土曜日、僕達は朝の八時から、水樹さんを待ち構えていると、ちょうど家から出てきた水樹さんと目が合う。
水樹さんは嫌そうな顔をしていたが、長い長い溜息を漏らした後、覚悟を決めた様子で、僕達の前に歩み寄ってくる。
そして、「私の負けよ」と言った。負けを認めた状況なのに、水樹さんの顔はどこか安堵に似た表情を浮かべていた。
こうして、婆ちゃんが死んでから止まってしまっていた僕達の時間は、また緩やかに動き出していく。
「次。総司の番だぜ」
「ああ。僕か」
人生ゲーム。今、水樹さんがダントツで一位。七瀬さんは二位。仁が三位。悲しいことに俺がダントツで最下位。ループを失った今、せめて人生ゲームでは輝きたいものだ。
僕はルーレットを回す。よし、ここで一攫千金だ。
ルーレットの数字は1。1マス進むだ。
たどり着いたすごろくの文字には【お婆ちゃんが、ひったくりにあって一文無し。家に帰れずに困っている。放っておけないので、10万円渡した】と書かれている。

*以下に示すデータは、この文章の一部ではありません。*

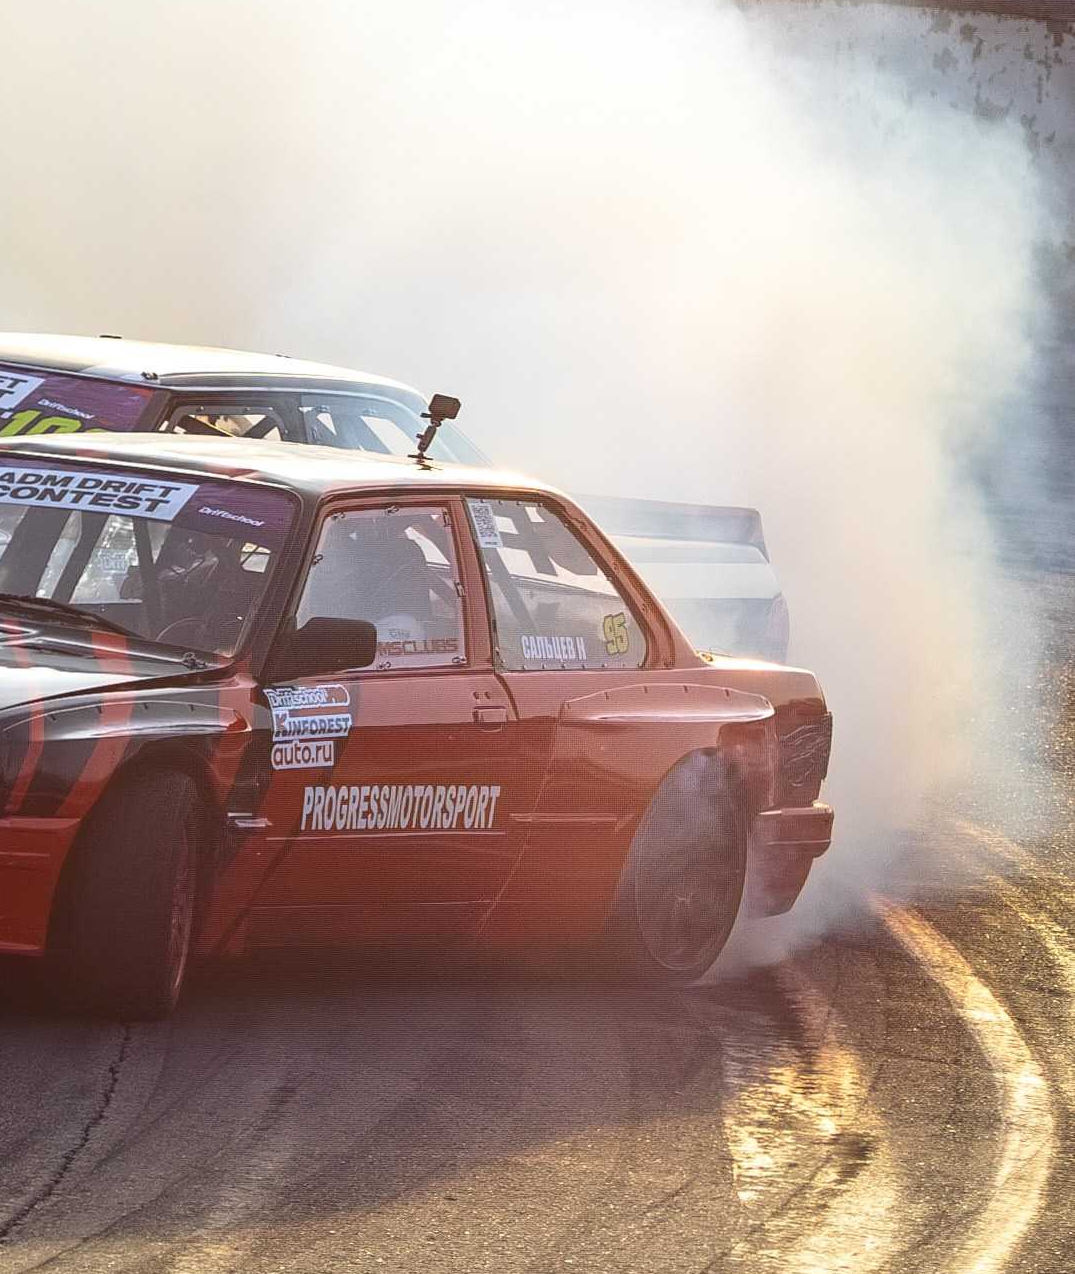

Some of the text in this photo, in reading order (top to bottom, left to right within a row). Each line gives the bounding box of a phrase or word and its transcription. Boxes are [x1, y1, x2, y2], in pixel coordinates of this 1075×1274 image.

[76, 477, 180, 498] DRIFT
[198, 506, 265, 527] Driftschool
[603, 612, 629, 655] 95
[521, 635, 576, 663] САЛЬЦЕВ
[268, 688, 329, 707] Driftschool
[274, 713, 350, 737] KINFOREST
[274, 743, 332, 766] auto.ru
[300, 785, 501, 830] PROGRESSMOTORSPORT

「えっ、嘘。僕、もうお金ないよ。それに家に帰れず困っている、見知らぬお婆ちゃんに、10万も渡す人いないでしょ。せめて、1万にしようよ」
僕がショックを受けていると、その姿がツボだったのか仁と七瀬さんが爆笑する。
「ついてねぇな、総司。でも、なんだろう。総司なら普通にありそうな状況だわ」
「そうだよね。お金渡した後に、あっ。お金渡し過ぎて、僕が家に帰れなくなっちゃった。とか、言って一人で歩いて帰る、名取君の姿が想像できちゃう」
そう言って、二人は遠慮というものを知らないのか、腹を抱えて笑い続けていた。
そこまで笑うことないじゃないか。
面白くないと思った僕は、助けを求めるわけじゃないが、水樹さんの方に目を向ける。
すると、爆笑はしていないが、水樹さんも笑いを堪えていた。
「本当、名取君らしいわね」
水樹さんは、仁達の言葉に同調して頷いていた。
「でも、一つ進めたのなら、良かったじゃないの。お婆ちゃんも助けられたのよ。失ったのはお金だけ。幸せな気持ちに浸れる、最高のマスじゃない」
なにバカな言ってるんだ、水樹さん。と、普通なら突っ込む場面。
でも、なんでだろう――。
水樹さんが言うなら、そうかもしれないな、と。
僕は不思議と、そう思ってしまった。